Small-amplitude theory of the perturbation evolution caused by isolated surface defects in laser-driven targets.

Rayleigh-Taylor perturbation growth in laser fusion capsules can be triggered by isolated target non-uniformities, such as fill tubes, mounting stalks, tents, etc. Recently, the first experimental study of the perturbation evolution caused by isolated non-uniformities, straight grooves machined on planar plastic targets, has been carried out on the Nike KrF laser at NRL. Detailed analysis and numerical simulation of these experiments are in progress. We present a linear theory of the perturbation development caused by isolated small-amplitude indentations on planar laser targets. Advancing the earlier theory, we demonstrate how the shock-front, ablation-front, rear-target-surface, and areal-mass/opacity perturbations develop in time when the source of the initial perturbation is localized in space.

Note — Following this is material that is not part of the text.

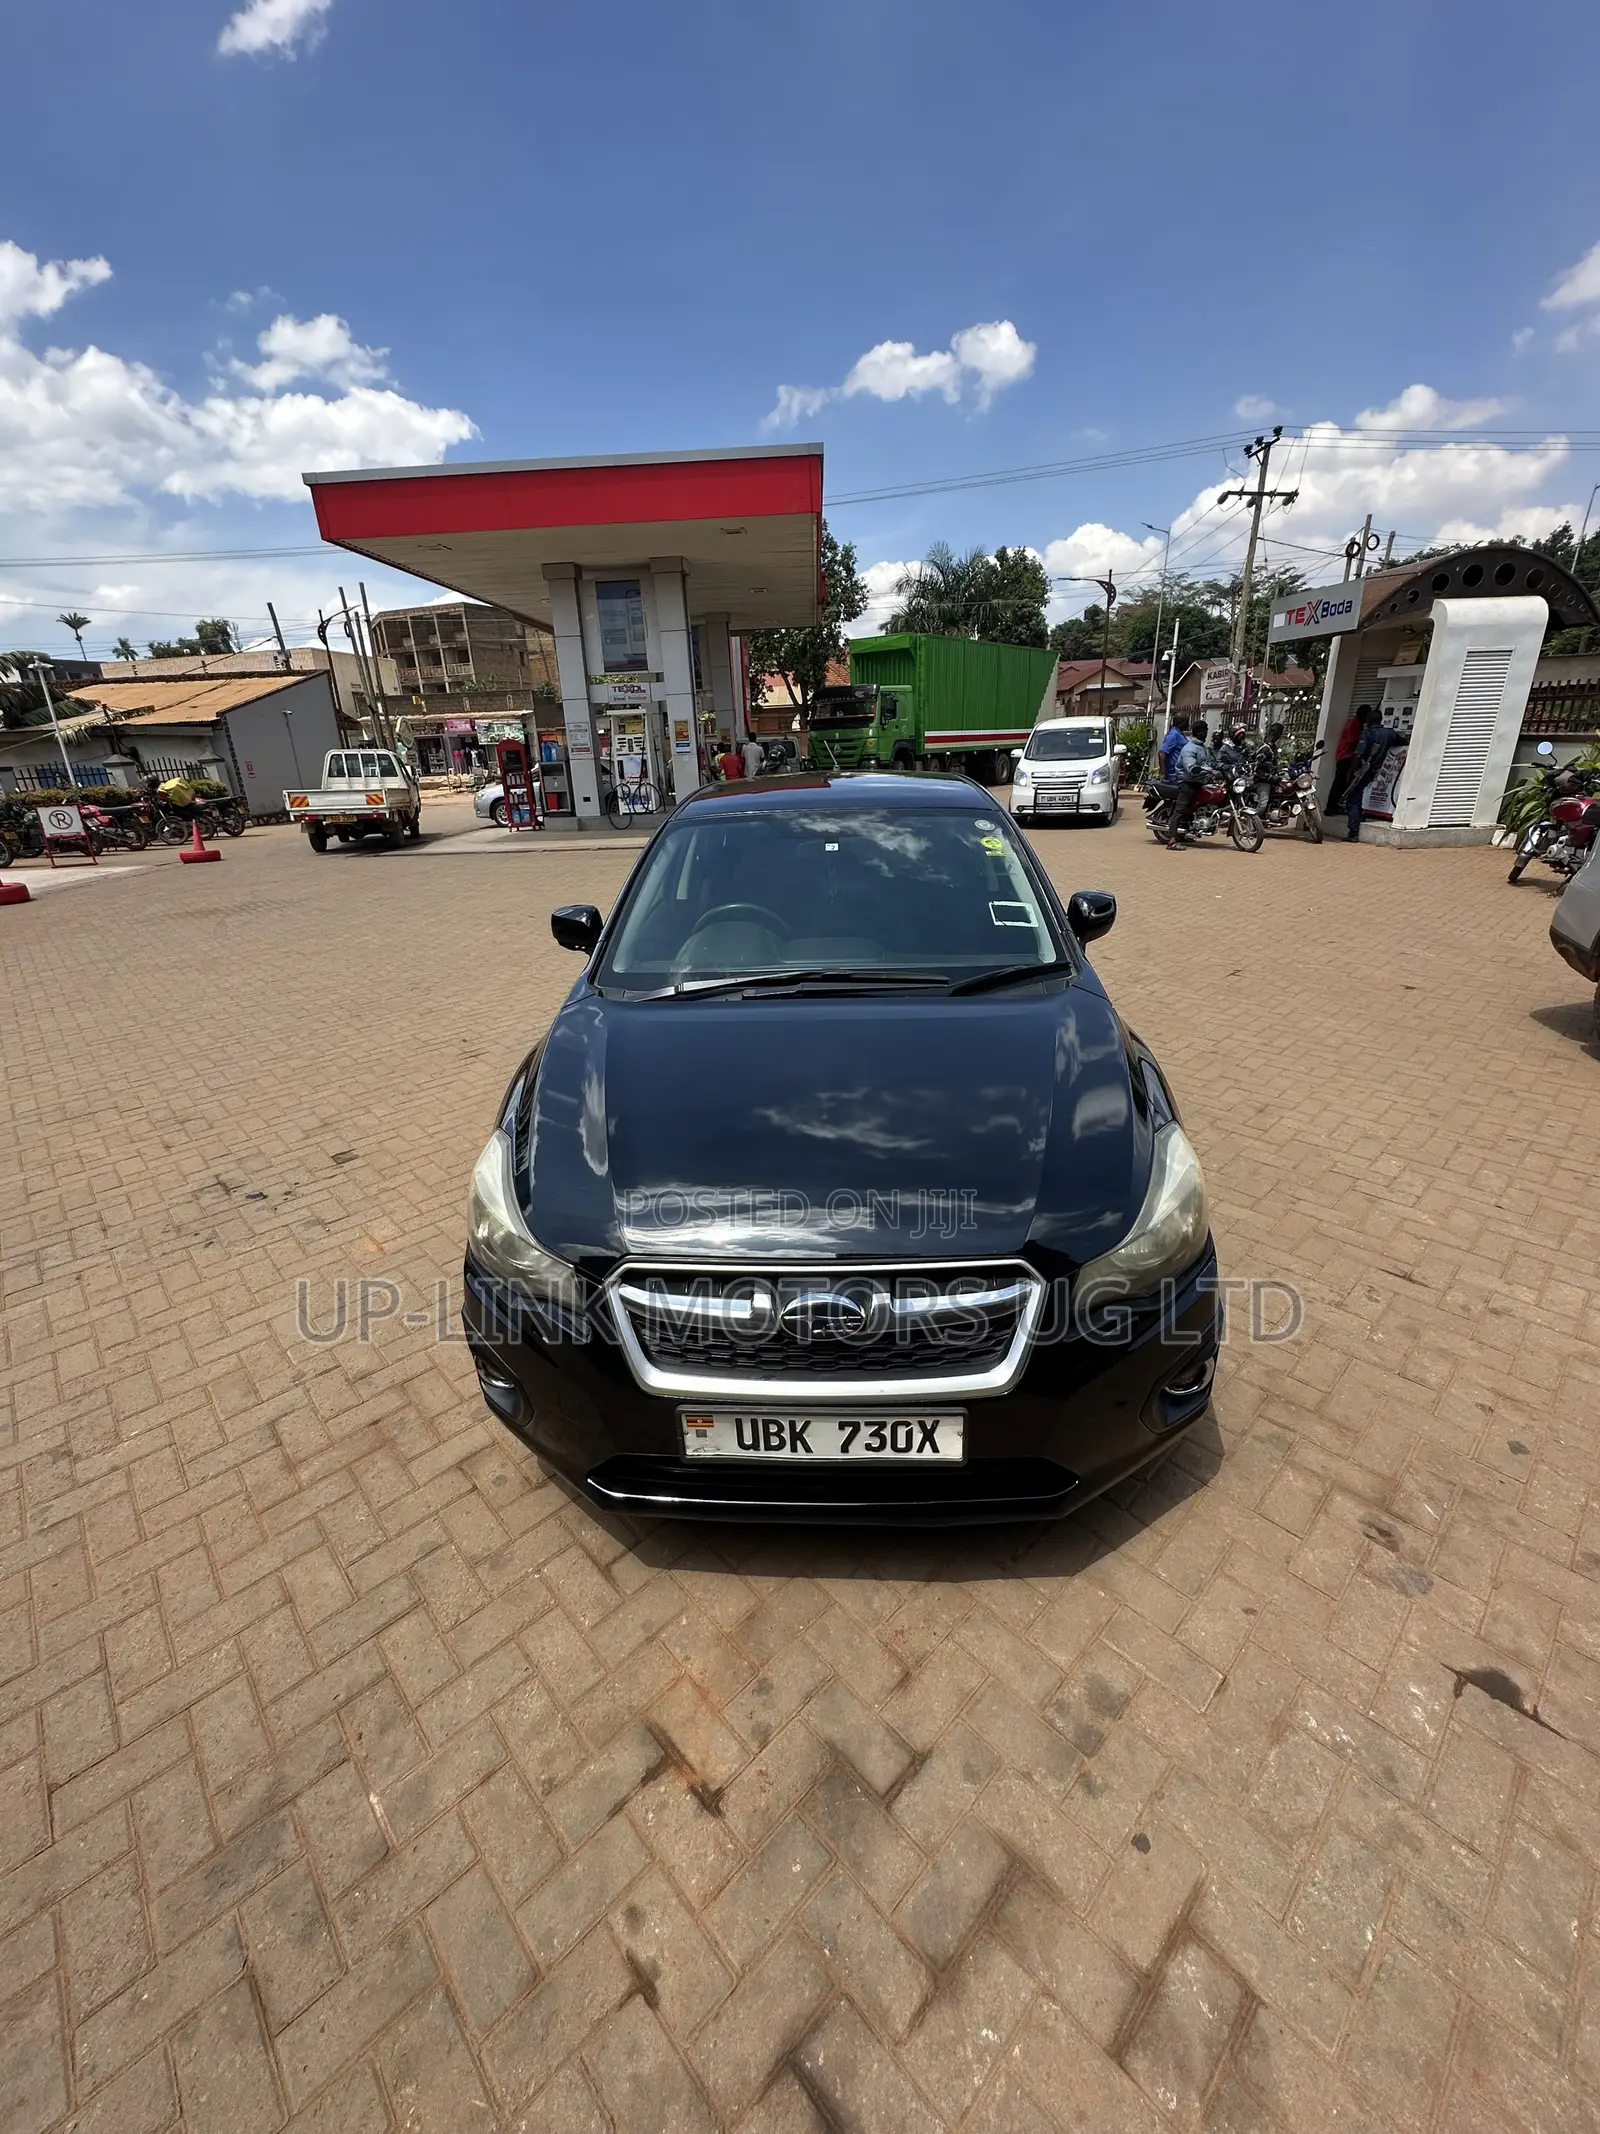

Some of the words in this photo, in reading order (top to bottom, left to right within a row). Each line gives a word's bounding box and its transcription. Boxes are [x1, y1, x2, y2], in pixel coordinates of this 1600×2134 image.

If the initial shock-front perturbation is an azimuthally-symmetric Gaussian indentation, later, as the perturbed shock front flattens, its central part lags, and the shock front perturbation acquires a rotationally-symmetric ring shape. For an initial straight Gaussian groove, the shock front perturbation shape evolves into a shelf with a flat bottom and peaked edges. When a locally perturbed shock front breaks out at the flat rear surface of the target, a collimated jet is produced.